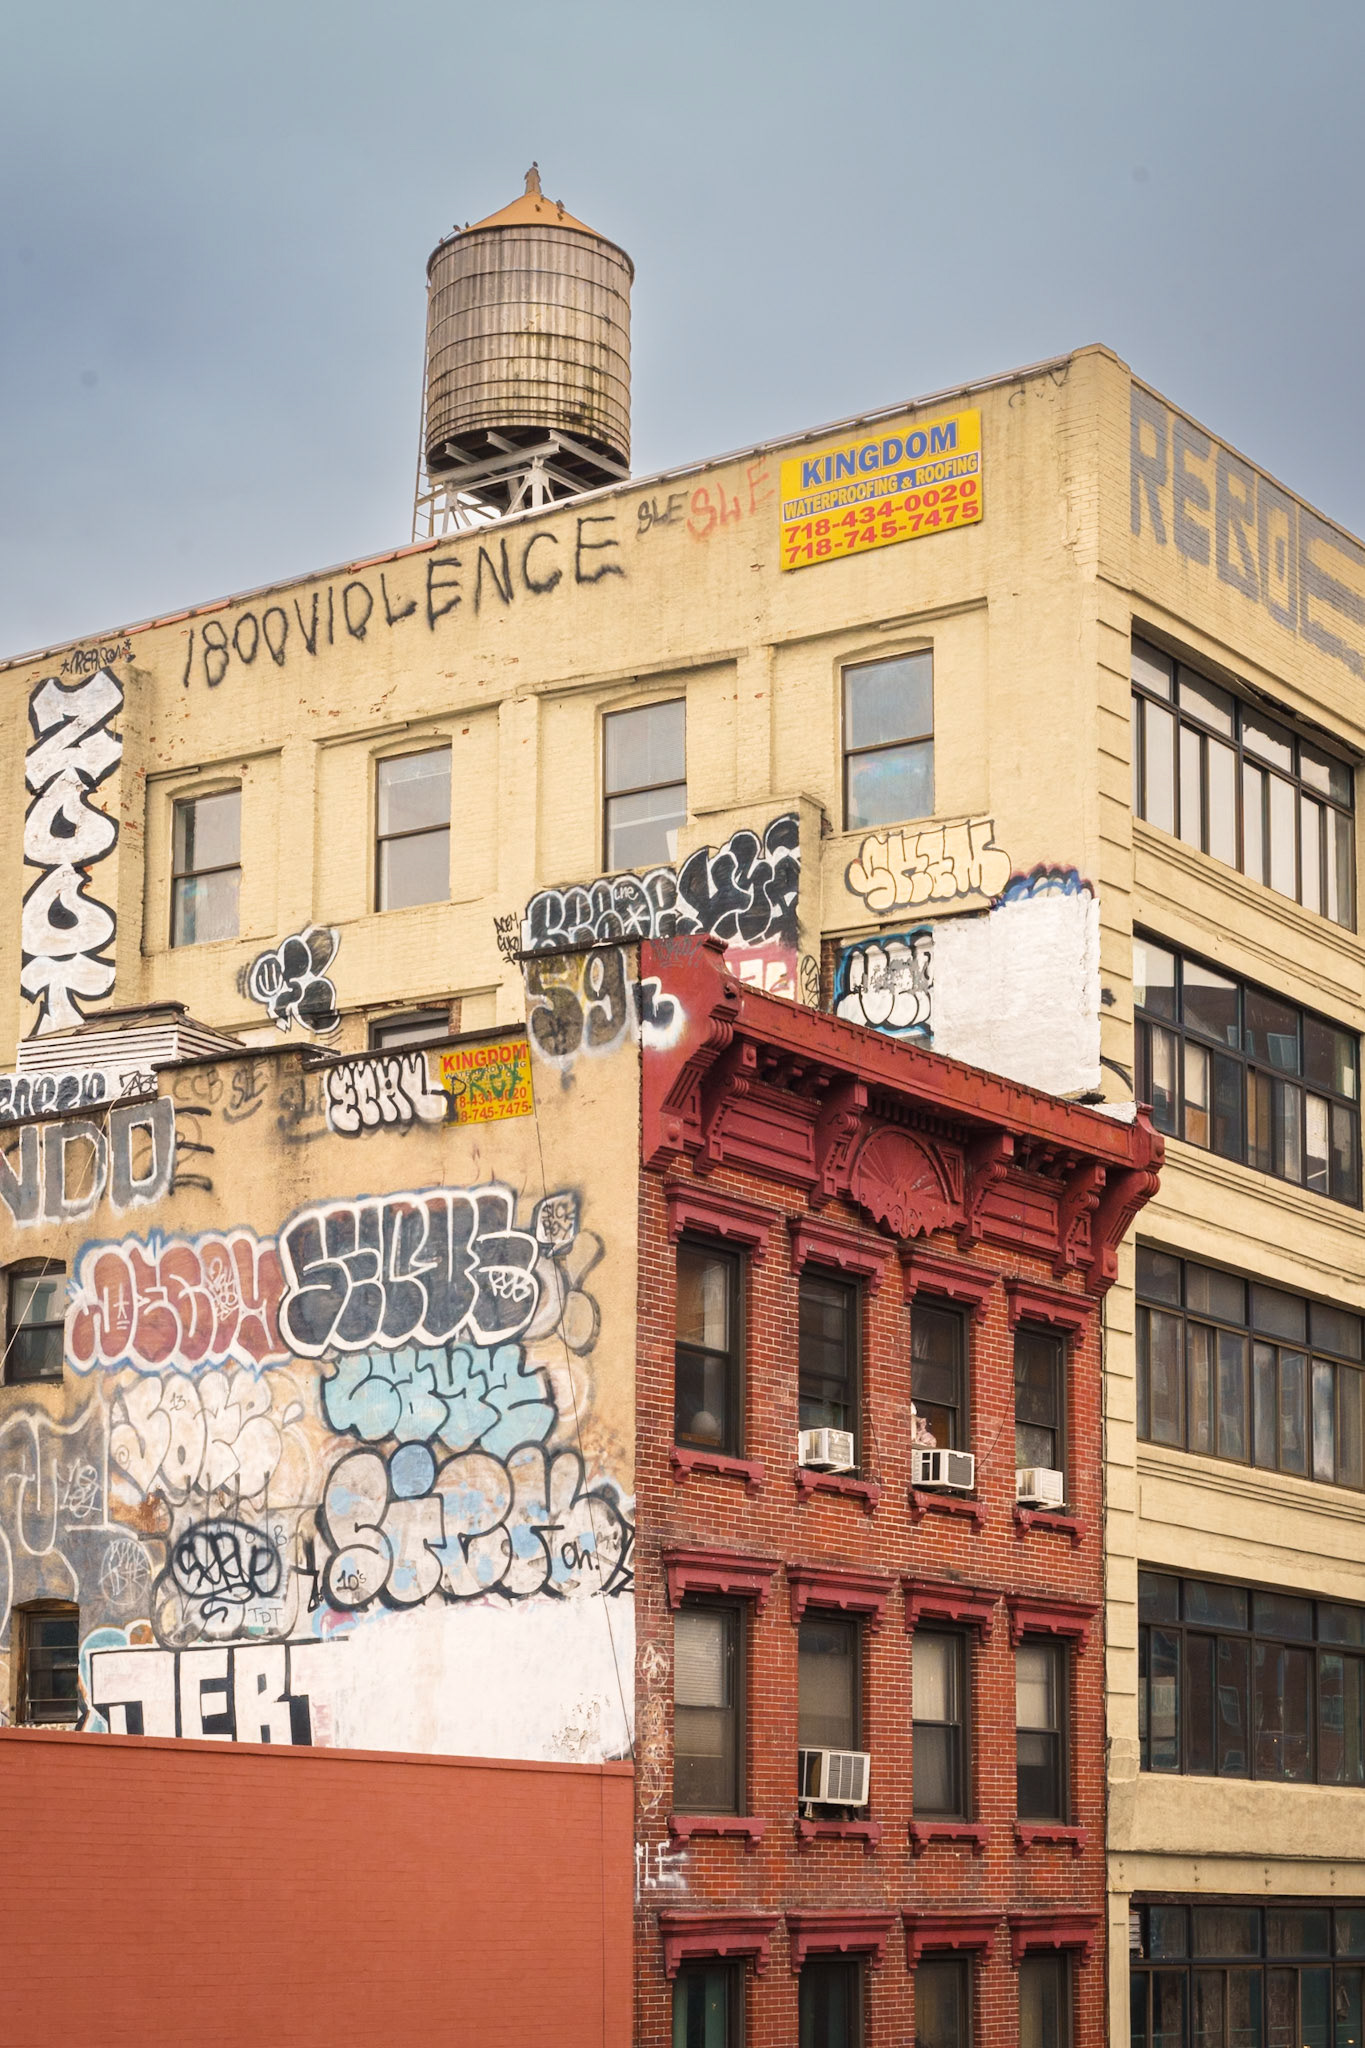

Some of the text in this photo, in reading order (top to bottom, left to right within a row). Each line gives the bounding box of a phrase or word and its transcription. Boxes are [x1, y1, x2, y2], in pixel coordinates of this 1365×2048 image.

[784, 454, 977, 519] WATERPROOFING & ROOFING
[802, 421, 958, 489] KINGDOM
[785, 480, 977, 544] 718-434-0020
[785, 500, 979, 564] 718-745-7475
[443, 1044, 527, 1072] KINGDOM
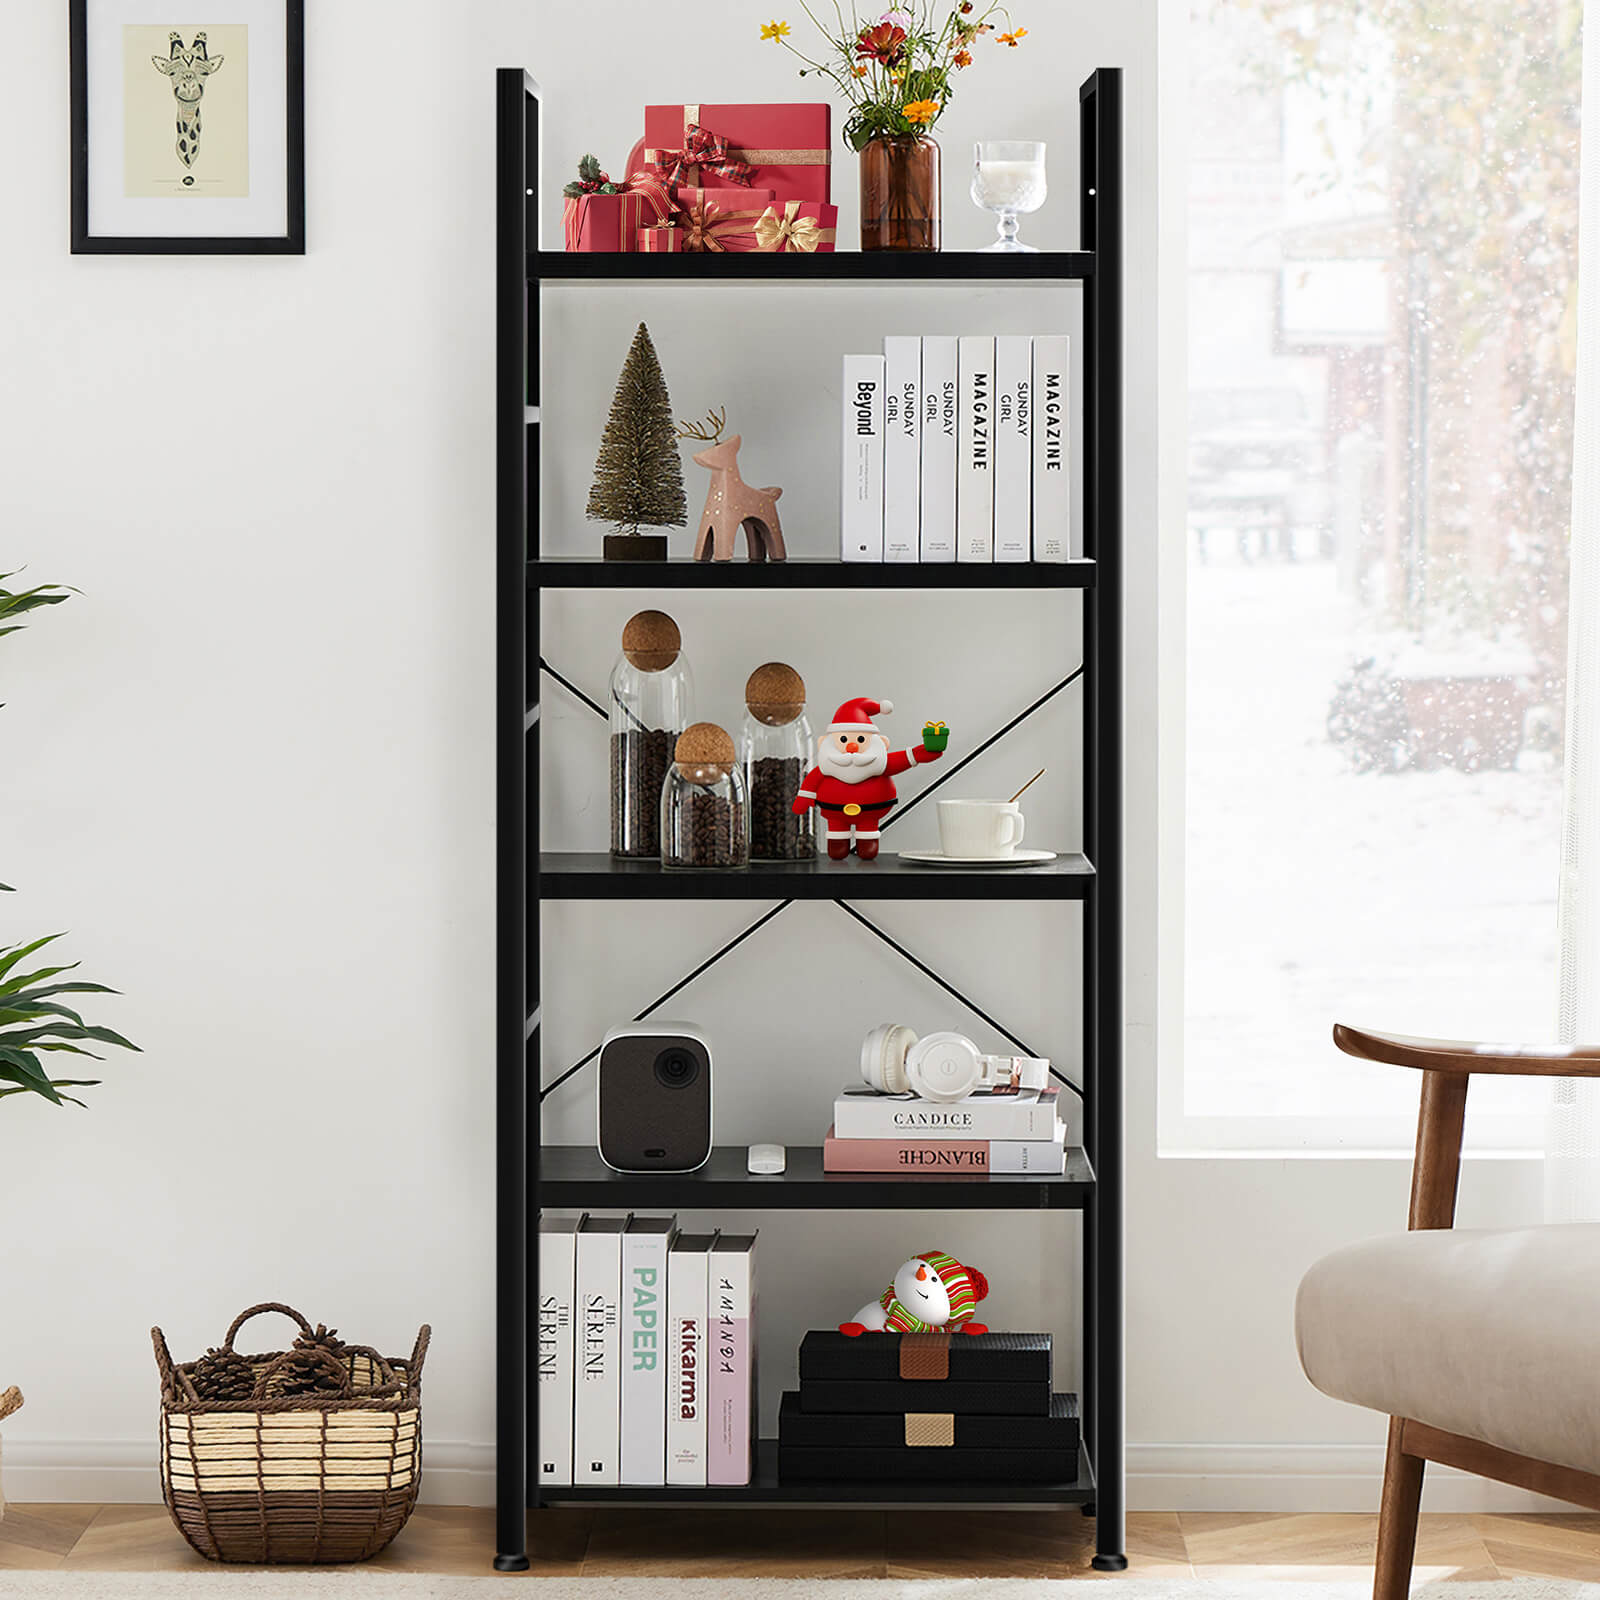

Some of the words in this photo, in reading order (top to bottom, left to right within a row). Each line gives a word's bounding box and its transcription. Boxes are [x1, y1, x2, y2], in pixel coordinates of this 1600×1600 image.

[853, 381, 876, 436] Beyond
[887, 395, 898, 425] GIRL
[903, 383, 915, 438] SUNDAY
[926, 394, 938, 424] GIRL
[942, 382, 954, 437] SUNDAY
[973, 373, 988, 471] MAGAZINE
[1000, 394, 1012, 424] GIRL
[1017, 382, 1029, 437] SUNDAY
[1046, 374, 1061, 471] MAGAZINE
[893, 1113, 973, 1126] CANDICE
[898, 1150, 986, 1166] BLANCHE
[539, 1295, 557, 1383] SERENE
[558, 1303, 569, 1330] THE
[585, 1293, 605, 1382] SERENE
[605, 1302, 616, 1328] THE
[633, 1267, 657, 1372] PAPER
[719, 1277, 735, 1377] AMANDA

## Assigned task:
Although the records contain pictures, the copy should consist of their text alone, reproduced exactly.

## Solution:
Some of the text in this photo, in reading order (top to bottom, left to right within a row). Each line gives the bounding box of a phrase or word and its transcription. Boxes are [x1, y1, x2, y2], in pixel coordinates of this 1365×2048 image.

[784, 454, 977, 519] WATERPROOFING & ROOFING
[802, 421, 958, 489] KINGDOM
[785, 480, 977, 544] 718-434-0020
[785, 500, 979, 564] 718-745-7475
[443, 1044, 527, 1072] KINGDOM

Some of the words in this photo, in reading order (top to bottom, left to right within a row). Each line gives a word's bounding box and its transcription. Boxes are [x1, y1, x2, y2], in pixel coordinates of this 1600×1600 image.

[853, 381, 876, 436] Beyond
[887, 395, 898, 425] GIRL
[903, 383, 915, 438] SUNDAY
[926, 394, 938, 424] GIRL
[942, 382, 954, 437] SUNDAY
[973, 373, 988, 471] MAGAZINE
[1000, 394, 1012, 424] GIRL
[1017, 382, 1029, 437] SUNDAY
[1046, 374, 1061, 471] MAGAZINE
[893, 1113, 973, 1126] CANDICE
[898, 1150, 986, 1166] BLANCHE
[539, 1295, 557, 1383] SERENE
[558, 1303, 569, 1330] THE
[585, 1293, 605, 1382] SERENE
[605, 1302, 616, 1328] THE
[633, 1267, 657, 1372] PAPER
[719, 1277, 735, 1377] AMANDA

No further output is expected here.